Hil R. - Jul 07, 2004 7:27:22 pm PDT #4743 of 10002
Sometimes I think I might just move up to Vermont, open a bookstore or a vegan restaurant. Adam Schlesinger, z''l

The Great Brain books screwed me up, because they were the first place I saw the word "gentiles," so I thought non-Mormon was the general meaning. Oops.

That element of those books totally confused me. Even though my best friend was Mormon, I'd never heard it used in that sense before.

My favorite Roald Dahl was Matilda. This probably surprises exactly nobody. As for Judy Blume's kids books, I loved both Sally J. Friedman and Sheila.
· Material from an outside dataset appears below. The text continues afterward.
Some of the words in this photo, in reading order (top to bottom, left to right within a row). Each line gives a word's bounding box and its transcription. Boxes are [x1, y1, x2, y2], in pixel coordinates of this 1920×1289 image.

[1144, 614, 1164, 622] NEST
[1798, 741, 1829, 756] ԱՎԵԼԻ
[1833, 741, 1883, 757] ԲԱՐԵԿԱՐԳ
I was actually just talking with a friend today about about A Little Princess. She loves the movie (the new one, not the Shirley Temple one) but hadn't known it had been a book. I liked Secret Garden better than Little Princess -- more magical elements, and the creepiness of the moors was just cool, and I could relate a lot more to Mary than to Sara. Sara always seemed just a little bit too goody-goody to me.


§ ita § - Jul 07, 2004 7:29:46 pm PDT #4744 of 10002
Well not canonically, no, but this is transformative fiction.

I used to repeatedly borrow the LP of Secret Garden from the Swiss Cottage library.

I have no idea why I preferred hearing over reading that book more than any other.